→ **Exercise instructions**:
Please output every entry below exactly as written, leaving out any pictures.

--

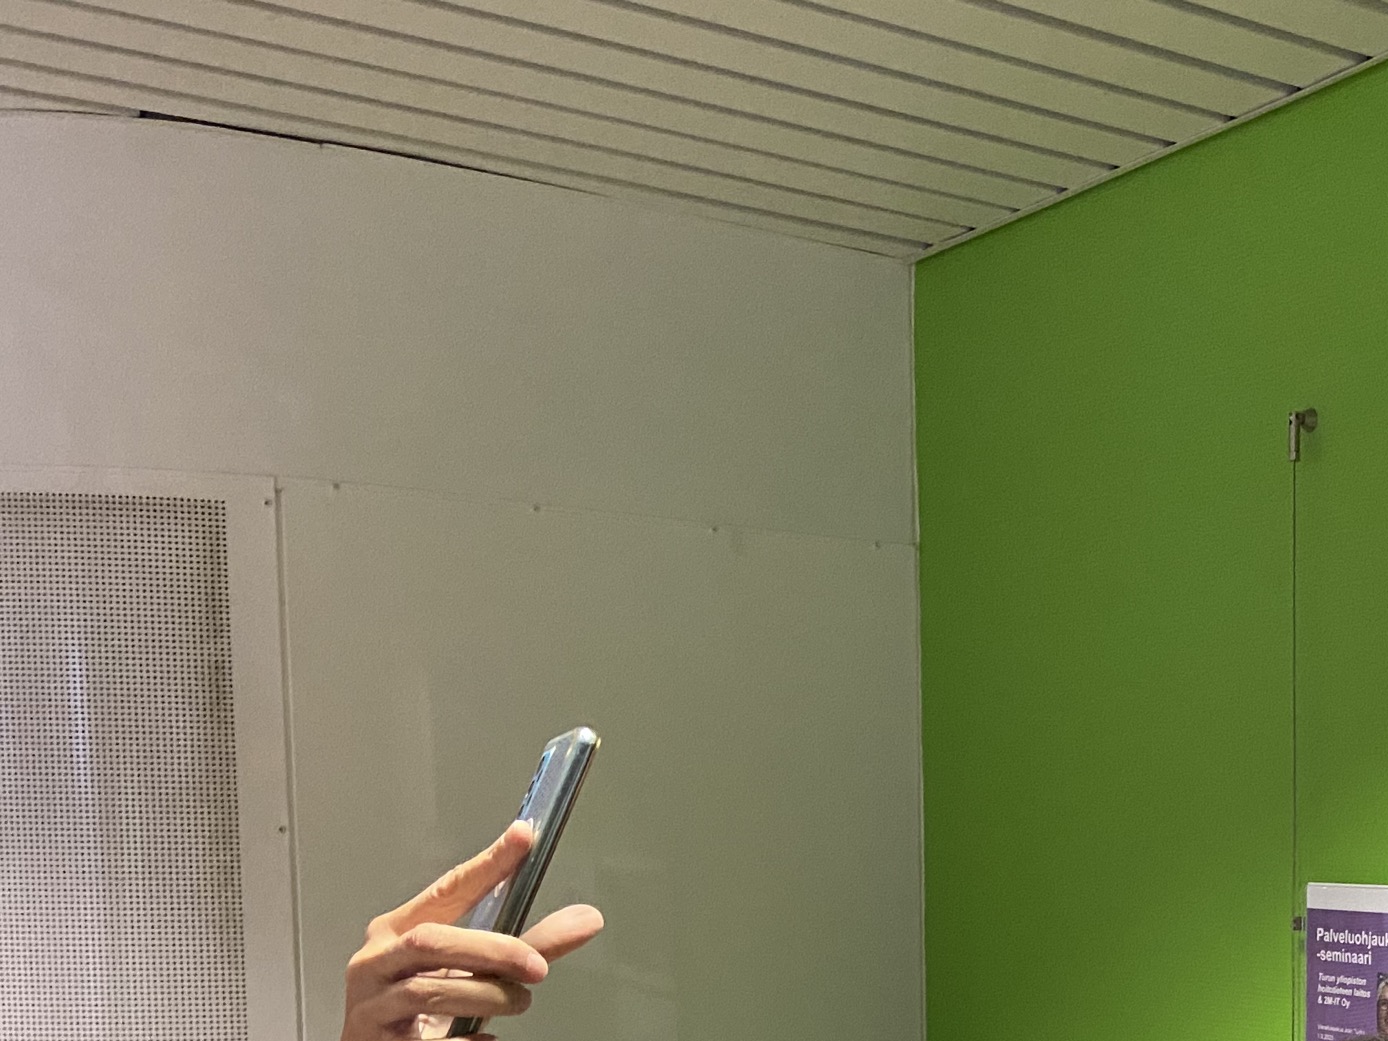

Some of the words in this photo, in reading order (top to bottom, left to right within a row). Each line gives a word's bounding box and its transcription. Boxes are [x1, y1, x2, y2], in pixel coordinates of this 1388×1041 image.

[1316, 949, 1372, 966] -seminaari
[1318, 972, 1335, 982] Turun
[1336, 975, 1367, 986] yliopiston
[1341, 997, 1351, 1009] Oy
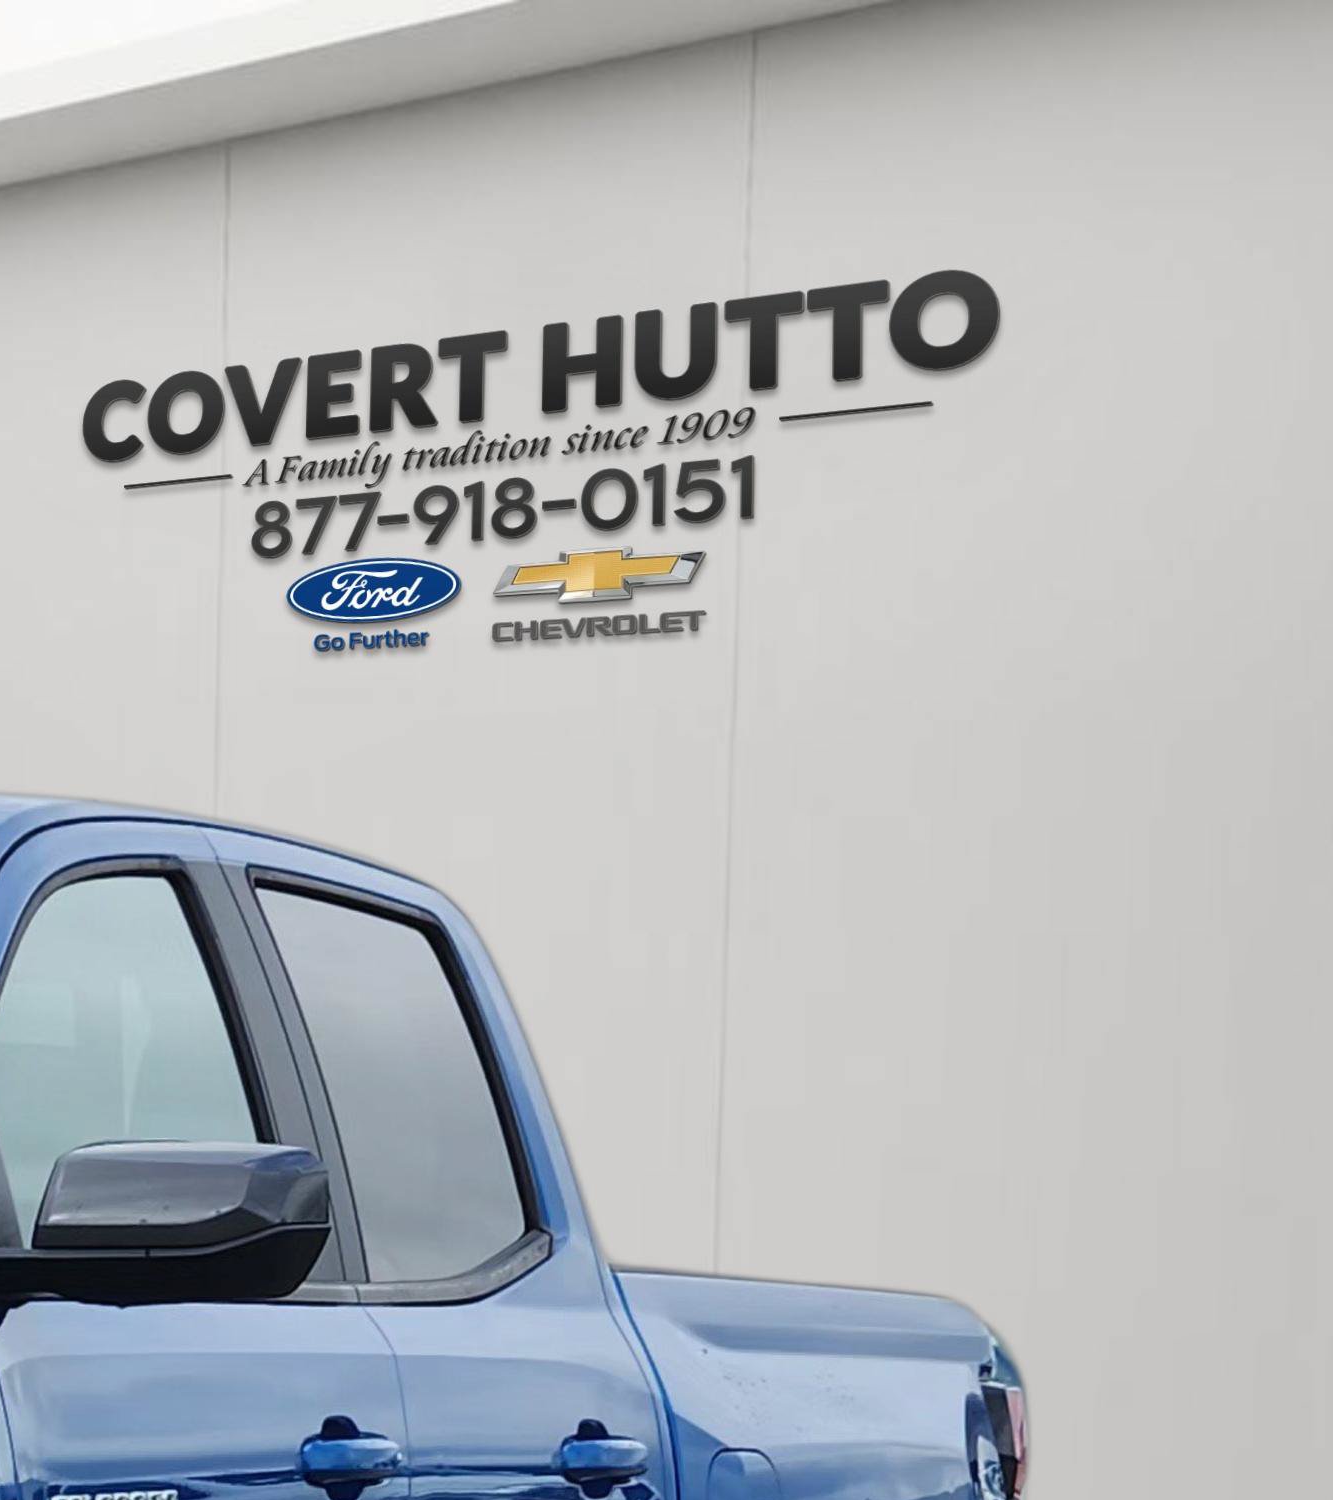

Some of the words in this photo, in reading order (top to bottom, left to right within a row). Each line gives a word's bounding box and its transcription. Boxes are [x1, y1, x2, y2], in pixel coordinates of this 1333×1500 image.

[82, 330, 509, 464] COVERT
[541, 269, 1002, 415] HUTTO
[242, 457, 270, 488] A
[275, 439, 393, 489] Family
[402, 428, 552, 472] tradition
[561, 424, 649, 456] since
[657, 405, 757, 446] 1909
[250, 453, 756, 560] 877-918-0151
[321, 571, 421, 614] Ford
[312, 630, 346, 654] Go
[348, 627, 431, 653] Further
[490, 609, 708, 643] CHEVROLET
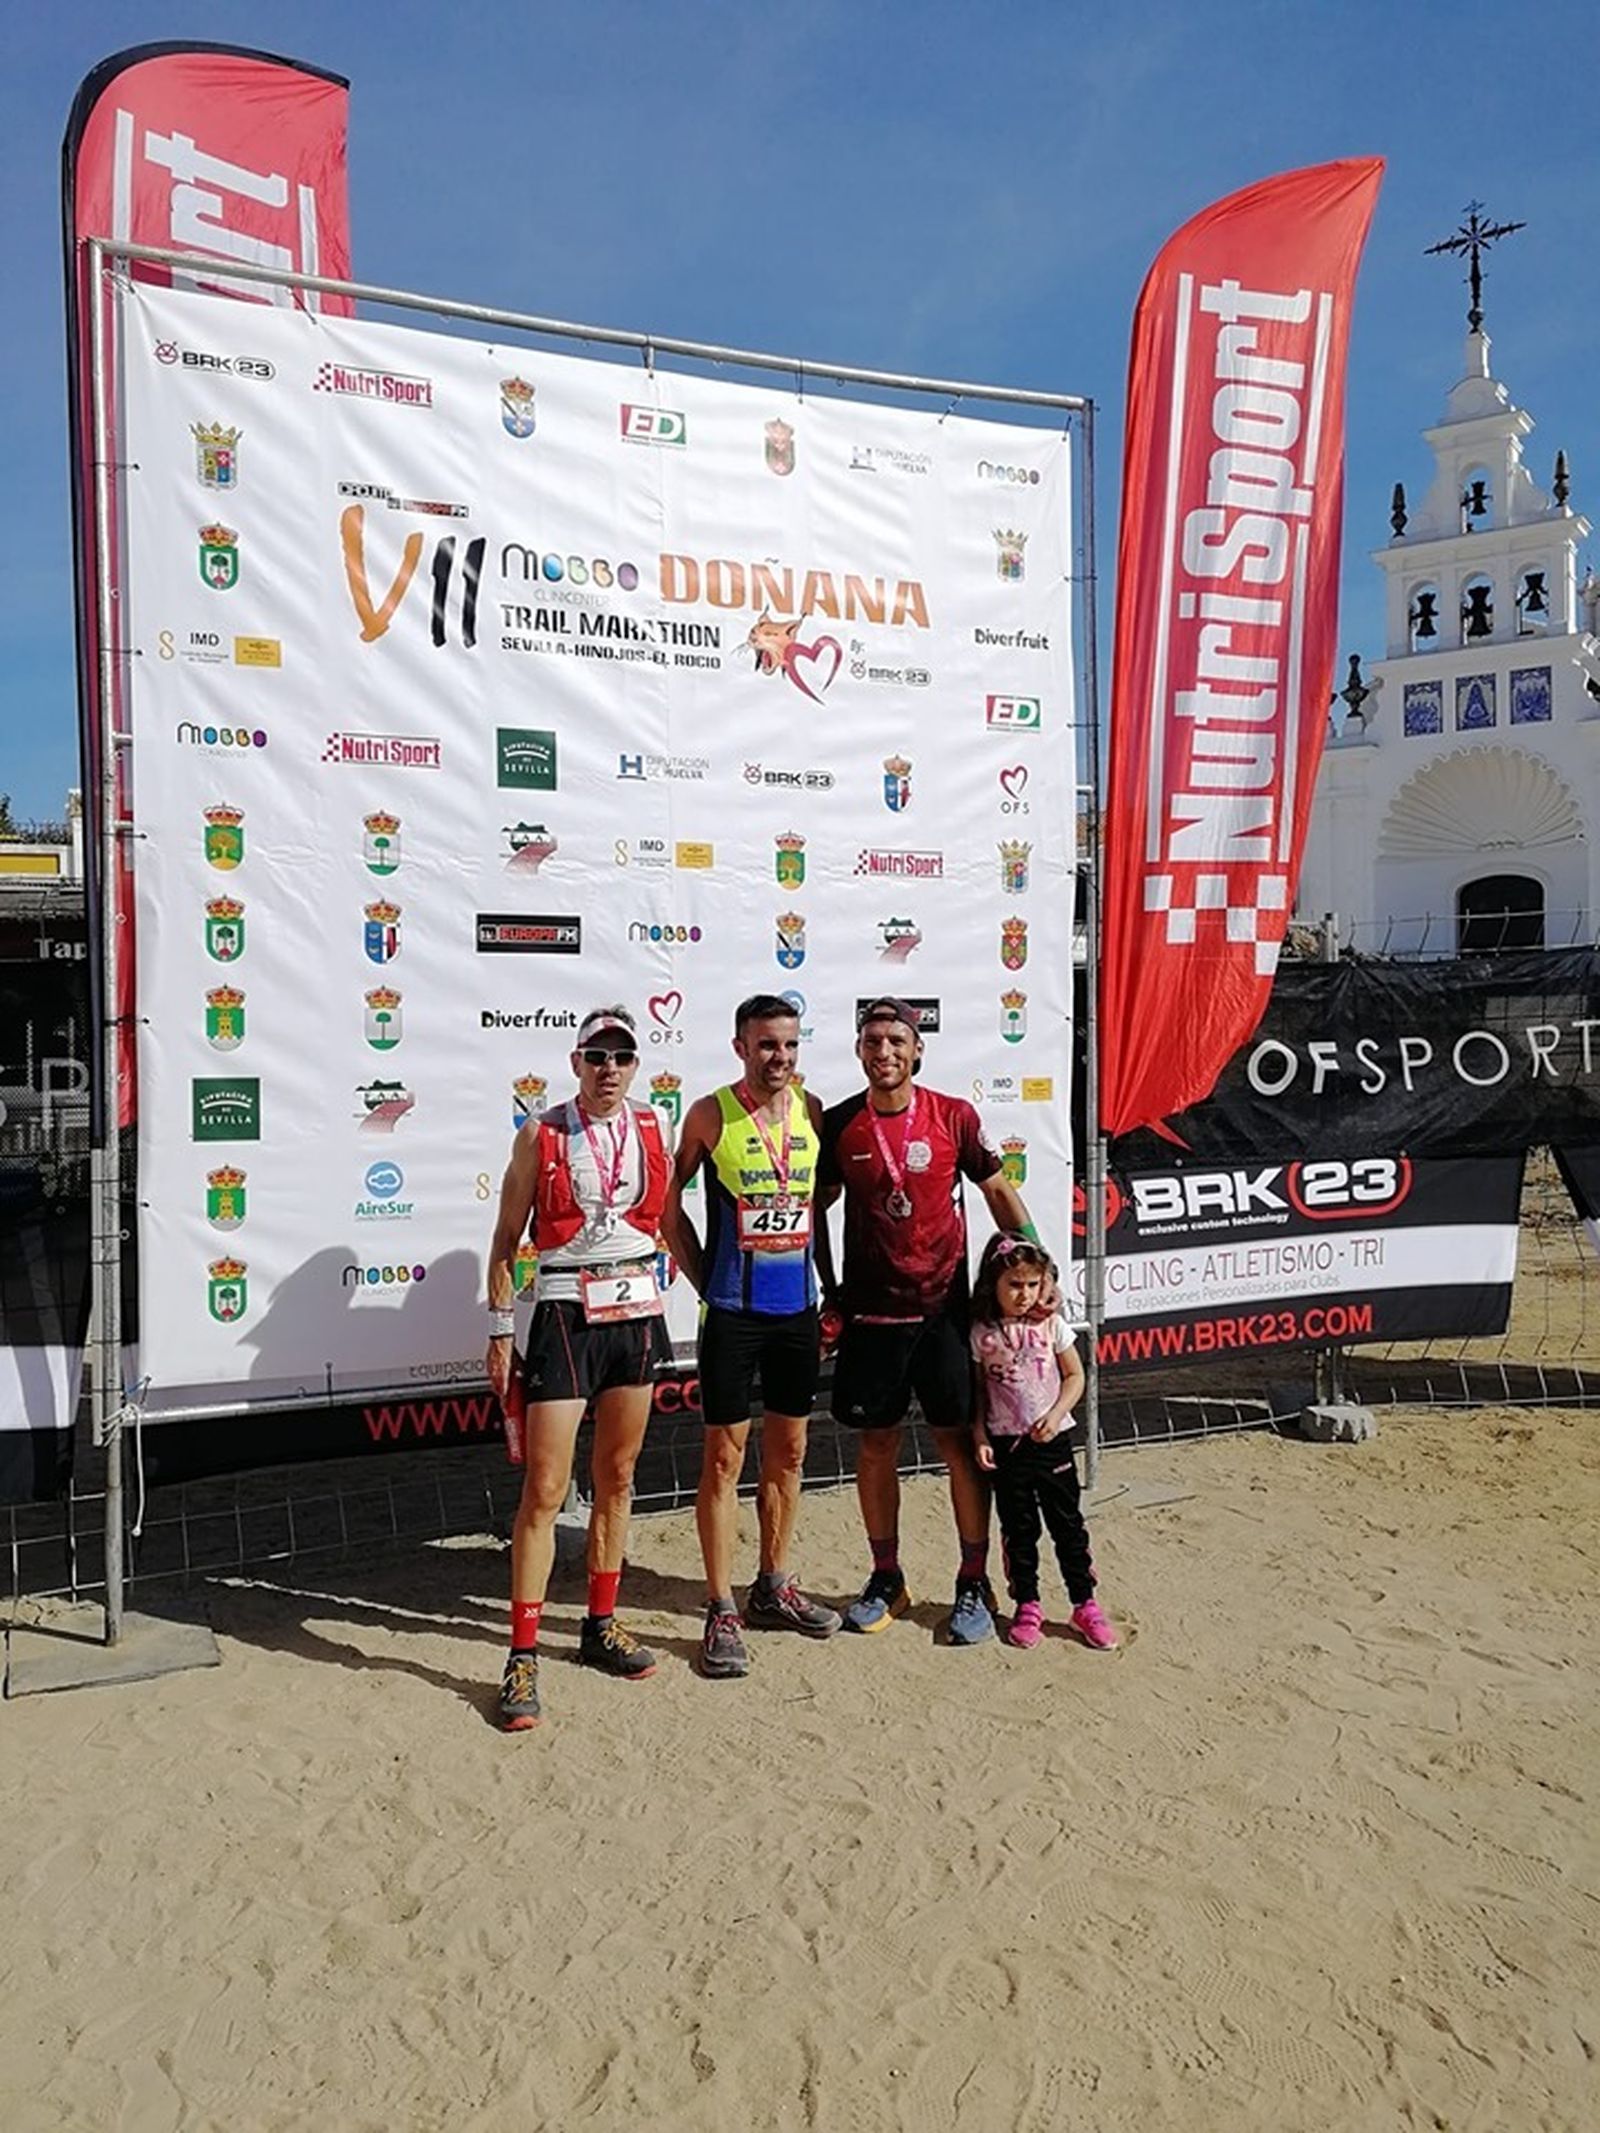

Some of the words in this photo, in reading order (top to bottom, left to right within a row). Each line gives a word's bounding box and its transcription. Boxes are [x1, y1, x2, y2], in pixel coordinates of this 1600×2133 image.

[182, 351, 231, 370] BRK
[238, 360, 270, 377] 23
[333, 367, 433, 403] NutriSport
[341, 503, 486, 648] VII
[1169, 279, 1314, 861] NutriSport
[659, 553, 931, 629] DOÑANA
[500, 604, 572, 634] TRAIL
[579, 612, 721, 649] MARATHON
[190, 632, 220, 647] IMD
[974, 627, 1050, 650] Diverfruit
[674, 654, 721, 669] ROCIO
[868, 667, 902, 682] BRK
[342, 736, 441, 767] NutriSport
[764, 771, 802, 786] BRK
[806, 774, 831, 788] 23
[1001, 801, 1030, 815] OFS
[640, 839, 665, 852] IMD
[868, 852, 944, 876] NutriSport
[481, 1007, 577, 1028] Diverfruit
[650, 1030, 684, 1044] OFS
[1248, 1019, 1600, 1097] OFSPORT
[201, 1115, 252, 1125] SEVILLA
[1132, 1166, 1289, 1222] BRK
[1302, 1159, 1398, 1207] 23
[355, 1200, 414, 1216] AireSur
[752, 1211, 804, 1232] 457
[1138, 1222, 1189, 1236] exclusive
[1191, 1218, 1230, 1230] custom
[1232, 1212, 1289, 1226] technology
[1202, 1241, 1333, 1283] ATLETISMO
[1350, 1238, 1385, 1268] TRI
[615, 1280, 632, 1302] 2
[1126, 1288, 1201, 1311] Equipaciones
[1203, 1282, 1280, 1301] Personalizadas
[1283, 1278, 1308, 1293] para
[1309, 1273, 1341, 1288] Clubs
[1096, 1303, 1373, 1365] WWW.BRK23.COM
[409, 1358, 486, 1379] Equipacio

--

→ **Completed exercise**:
Some of the words in this photo, in reading order (top to bottom, left to right within a row). Each line gives a word's bounding box and its transcription. Boxes are [x1, y1, x2, y2], in pixel coordinates of this 1388×1041 image.

[1316, 949, 1372, 966] -seminaari
[1318, 972, 1335, 982] Turun
[1336, 975, 1367, 986] yliopiston
[1341, 997, 1351, 1009] Oy

Some of the words in this photo, in reading order (top to bottom, left to right within a row). Each line gives a word's bounding box and its transcription. Boxes are [x1, y1, x2, y2], in pixel coordinates of this 1333×1500 image.

[82, 330, 509, 464] COVERT
[541, 269, 1002, 415] HUTTO
[242, 457, 270, 488] A
[275, 439, 393, 489] Family
[402, 428, 552, 472] tradition
[561, 424, 649, 456] since
[657, 405, 757, 446] 1909
[250, 453, 756, 560] 877-918-0151
[321, 571, 421, 614] Ford
[312, 630, 346, 654] Go
[348, 627, 431, 653] Further
[490, 609, 708, 643] CHEVROLET

Some of the words in this photo, in reading order (top to bottom, left to right within a row). Each line gives a word's bounding box and its transcription. Boxes are [x1, y1, x2, y2], in pixel coordinates of this 1600×2133 image.

[182, 351, 231, 370] BRK
[238, 360, 270, 377] 23
[333, 367, 433, 403] NutriSport
[341, 503, 486, 648] VII
[1169, 279, 1314, 861] NutriSport
[659, 553, 931, 629] DOÑANA
[500, 604, 572, 634] TRAIL
[579, 612, 721, 649] MARATHON
[190, 632, 220, 647] IMD
[974, 627, 1050, 650] Diverfruit
[674, 654, 721, 669] ROCIO
[868, 667, 902, 682] BRK
[342, 736, 441, 767] NutriSport
[764, 771, 802, 786] BRK
[806, 774, 831, 788] 23
[1001, 801, 1030, 815] OFS
[640, 839, 665, 852] IMD
[868, 852, 944, 876] NutriSport
[481, 1007, 577, 1028] Diverfruit
[650, 1030, 684, 1044] OFS
[1248, 1019, 1600, 1097] OFSPORT
[201, 1115, 252, 1125] SEVILLA
[1132, 1166, 1289, 1222] BRK
[1302, 1159, 1398, 1207] 23
[355, 1200, 414, 1216] AireSur
[752, 1211, 804, 1232] 457
[1138, 1222, 1189, 1236] exclusive
[1191, 1218, 1230, 1230] custom
[1232, 1212, 1289, 1226] technology
[1202, 1241, 1333, 1283] ATLETISMO
[1350, 1238, 1385, 1268] TRI
[615, 1280, 632, 1302] 2
[1126, 1288, 1201, 1311] Equipaciones
[1203, 1282, 1280, 1301] Personalizadas
[1283, 1278, 1308, 1293] para
[1309, 1273, 1341, 1288] Clubs
[1096, 1303, 1373, 1365] WWW.BRK23.COM
[409, 1358, 486, 1379] Equipacio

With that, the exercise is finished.